Daily cases in England and by UKHSA region, with S-gene target result (failed, confirmed detected, or unknown), and centred 7-day moving average starting from the 23rd of November 2021 and including data up to the 23rd of December 2021 (dotted line). Source: UKHSA and coronavirus.gov.uk; data by specimen date.

S-gene target failure (SGTF), a marker for the Omicron variant, showed the proportion of Omicron-positive test samples among SARS-CoV-2 positive samples. The researchers augmented this data with total reported surveillance case counts. Both data sets were sourced from the UKHSA region by date of specimen and SGTF status. All the data was assessed using an autoregressive (AR) model that allowed for estimating time-varying differences in the transmission advantage of the Omicron variant.

Following an AR approach allowed the researchers to model expected cases for each variant as a combination of expected cases from the previous day and the exponential log growth rate for that variant and time point. This model accounted for variant differences other than a transmission advantage. In the absence of evidence that variants do not co-vary, it was reduced to a model with a fixed transmission advantage.

The gamma approximation framework modeled a relationship between estimated variant growth rates, generation times, and the variant transmission advantage. Using this approximation, the effective reproduction number (R^D) of the Delta variant was estimated across locations (l) and times (t, in days) using estimates of the daily growth rates (r^D) and a gamma-distributed generation time. The gamma approximation framework was used in reverse to estimate the daily growth rates for Omicron (r^O) and compare these results to previous estimations.

Study findings

The initial evidence for a difference in generation time distributions was provided by visualizing the growth rate estimates of the study.

The assumed generation time distribution for the Delta variant was a mean of 2.5-4 days and a standard deviation of 1.9-3 days. With a mean of 1.5-3.2 days and a standard deviation of 1.3-4.6 days, the estimated generation time distribution for Omicron was shorter than the Delta variant.

The findings from this study demonstrate that the Omicron variant has a transmission advantage of 160%-210% as compared to the Delta variant. The estimates of the intrinsic generation time for Delta were comparable, although those estimates increased in magnitude due to the longer assumed generation time.

Estimates of the time-varying daily growth rate for each UKHSA region for cases with the Omicron variant and non-Omicron cases. Point size has been used to represent the uncertainty of each estimate (though it does not correspond to a meaningful credible interval). The dashed grey line indicates the expected relationship between variants if they differ only by a fixed transmission advantage. The solid grey line indicates the observed overall linear relationship between variants, and the slope of this line approximates the ratio between generation time means.
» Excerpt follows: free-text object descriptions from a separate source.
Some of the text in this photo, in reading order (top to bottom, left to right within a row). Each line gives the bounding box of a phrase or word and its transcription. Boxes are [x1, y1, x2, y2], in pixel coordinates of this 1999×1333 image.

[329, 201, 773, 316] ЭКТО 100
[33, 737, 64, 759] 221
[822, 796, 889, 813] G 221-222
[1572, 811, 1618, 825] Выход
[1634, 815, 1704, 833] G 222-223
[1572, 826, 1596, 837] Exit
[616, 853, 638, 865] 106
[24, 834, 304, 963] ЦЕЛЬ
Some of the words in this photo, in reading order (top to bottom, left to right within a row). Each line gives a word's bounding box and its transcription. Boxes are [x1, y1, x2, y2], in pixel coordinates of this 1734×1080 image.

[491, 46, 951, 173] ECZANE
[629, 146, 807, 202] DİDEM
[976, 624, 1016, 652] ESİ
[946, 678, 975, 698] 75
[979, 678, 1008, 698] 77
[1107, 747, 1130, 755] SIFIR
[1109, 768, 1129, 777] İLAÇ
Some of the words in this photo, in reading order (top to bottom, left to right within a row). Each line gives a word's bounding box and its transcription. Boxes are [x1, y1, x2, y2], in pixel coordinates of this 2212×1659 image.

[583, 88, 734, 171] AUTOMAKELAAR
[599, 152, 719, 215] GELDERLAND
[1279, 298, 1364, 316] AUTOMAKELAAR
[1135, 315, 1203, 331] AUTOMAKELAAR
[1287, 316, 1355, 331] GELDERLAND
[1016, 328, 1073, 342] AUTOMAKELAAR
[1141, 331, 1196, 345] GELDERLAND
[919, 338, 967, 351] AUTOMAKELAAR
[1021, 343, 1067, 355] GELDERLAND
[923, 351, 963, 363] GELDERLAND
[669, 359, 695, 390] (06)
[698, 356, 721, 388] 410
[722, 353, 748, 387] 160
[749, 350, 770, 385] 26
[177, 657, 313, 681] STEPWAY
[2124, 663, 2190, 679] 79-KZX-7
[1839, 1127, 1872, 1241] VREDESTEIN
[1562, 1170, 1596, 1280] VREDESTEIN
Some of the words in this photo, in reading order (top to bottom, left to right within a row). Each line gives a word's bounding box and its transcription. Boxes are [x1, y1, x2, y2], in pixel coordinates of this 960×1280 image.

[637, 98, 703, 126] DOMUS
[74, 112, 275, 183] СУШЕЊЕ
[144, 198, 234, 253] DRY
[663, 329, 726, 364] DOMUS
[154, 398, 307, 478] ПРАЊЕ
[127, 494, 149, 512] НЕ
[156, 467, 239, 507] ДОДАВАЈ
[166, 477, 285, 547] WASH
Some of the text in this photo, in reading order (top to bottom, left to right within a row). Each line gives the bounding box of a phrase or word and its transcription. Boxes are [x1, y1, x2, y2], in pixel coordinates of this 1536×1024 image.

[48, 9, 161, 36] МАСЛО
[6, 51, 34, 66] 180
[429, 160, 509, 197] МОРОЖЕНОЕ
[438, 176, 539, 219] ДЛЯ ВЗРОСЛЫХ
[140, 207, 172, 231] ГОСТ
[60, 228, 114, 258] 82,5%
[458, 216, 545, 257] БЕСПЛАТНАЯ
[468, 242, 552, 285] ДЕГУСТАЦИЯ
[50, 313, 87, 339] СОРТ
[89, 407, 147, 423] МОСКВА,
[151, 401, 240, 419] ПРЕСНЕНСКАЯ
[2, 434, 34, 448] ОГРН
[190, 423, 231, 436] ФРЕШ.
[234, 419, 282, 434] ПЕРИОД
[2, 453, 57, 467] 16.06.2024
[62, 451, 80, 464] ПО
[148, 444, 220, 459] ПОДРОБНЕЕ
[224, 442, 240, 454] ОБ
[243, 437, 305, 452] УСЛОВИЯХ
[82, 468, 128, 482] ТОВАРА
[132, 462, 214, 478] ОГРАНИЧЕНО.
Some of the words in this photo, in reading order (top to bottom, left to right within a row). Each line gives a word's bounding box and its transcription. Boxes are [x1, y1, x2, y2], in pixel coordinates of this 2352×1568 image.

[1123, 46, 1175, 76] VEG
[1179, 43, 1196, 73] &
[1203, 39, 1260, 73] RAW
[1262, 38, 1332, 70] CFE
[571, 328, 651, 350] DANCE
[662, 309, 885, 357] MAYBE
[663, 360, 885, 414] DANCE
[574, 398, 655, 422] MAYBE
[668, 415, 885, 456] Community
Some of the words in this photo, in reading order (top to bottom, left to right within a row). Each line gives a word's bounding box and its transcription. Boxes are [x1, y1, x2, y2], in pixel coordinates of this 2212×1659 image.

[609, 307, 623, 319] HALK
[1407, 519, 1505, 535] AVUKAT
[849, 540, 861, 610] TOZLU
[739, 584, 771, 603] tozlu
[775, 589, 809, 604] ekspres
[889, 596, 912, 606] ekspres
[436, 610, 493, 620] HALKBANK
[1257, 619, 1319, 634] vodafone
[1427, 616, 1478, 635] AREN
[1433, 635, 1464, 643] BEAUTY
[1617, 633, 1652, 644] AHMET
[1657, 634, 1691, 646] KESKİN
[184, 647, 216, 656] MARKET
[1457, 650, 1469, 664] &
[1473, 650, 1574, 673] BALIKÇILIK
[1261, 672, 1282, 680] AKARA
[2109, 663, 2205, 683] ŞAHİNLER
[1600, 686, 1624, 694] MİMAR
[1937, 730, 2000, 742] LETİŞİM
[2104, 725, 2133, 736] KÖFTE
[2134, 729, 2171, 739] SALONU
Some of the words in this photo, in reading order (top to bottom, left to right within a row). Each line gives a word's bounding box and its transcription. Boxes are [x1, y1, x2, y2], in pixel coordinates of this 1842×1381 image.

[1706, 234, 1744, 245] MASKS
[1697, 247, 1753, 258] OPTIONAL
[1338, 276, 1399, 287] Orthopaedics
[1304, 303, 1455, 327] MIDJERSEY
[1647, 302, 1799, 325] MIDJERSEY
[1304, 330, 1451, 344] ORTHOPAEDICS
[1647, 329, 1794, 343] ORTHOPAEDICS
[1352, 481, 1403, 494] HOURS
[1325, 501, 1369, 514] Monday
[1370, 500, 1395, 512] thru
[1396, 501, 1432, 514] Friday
The region-specific lines show how this relationship differs between regions.

Conclusions

To summarize, a reduction in the generation time of Omicron compared to Delta explained the observed variation over time in the transmission advantage of the Omicron variant.

The role of other factors could not be ruled out, including the impact of differential immune escape by variants and sampling bias in the SGTF data. Similarly, differences in age group among populations in which variants are circulating and the varying generation times between variants could have also impacted the observed variations.

The authors recommend further exploration of these additional factors using similar methods to those described in this study. The model described in the study could potentially be extended to a latent infection-based model or stratified by age. Alternative study designs, such as household transmission studies and contact tracing studies, could also be used for such explorations.

*Important notice: medRxiv publishes preliminary scientific reports that are not peer-reviewed and, therefore, should not be regarded as conclusive, guide clinical practice/health-related behavior, or treated as established information.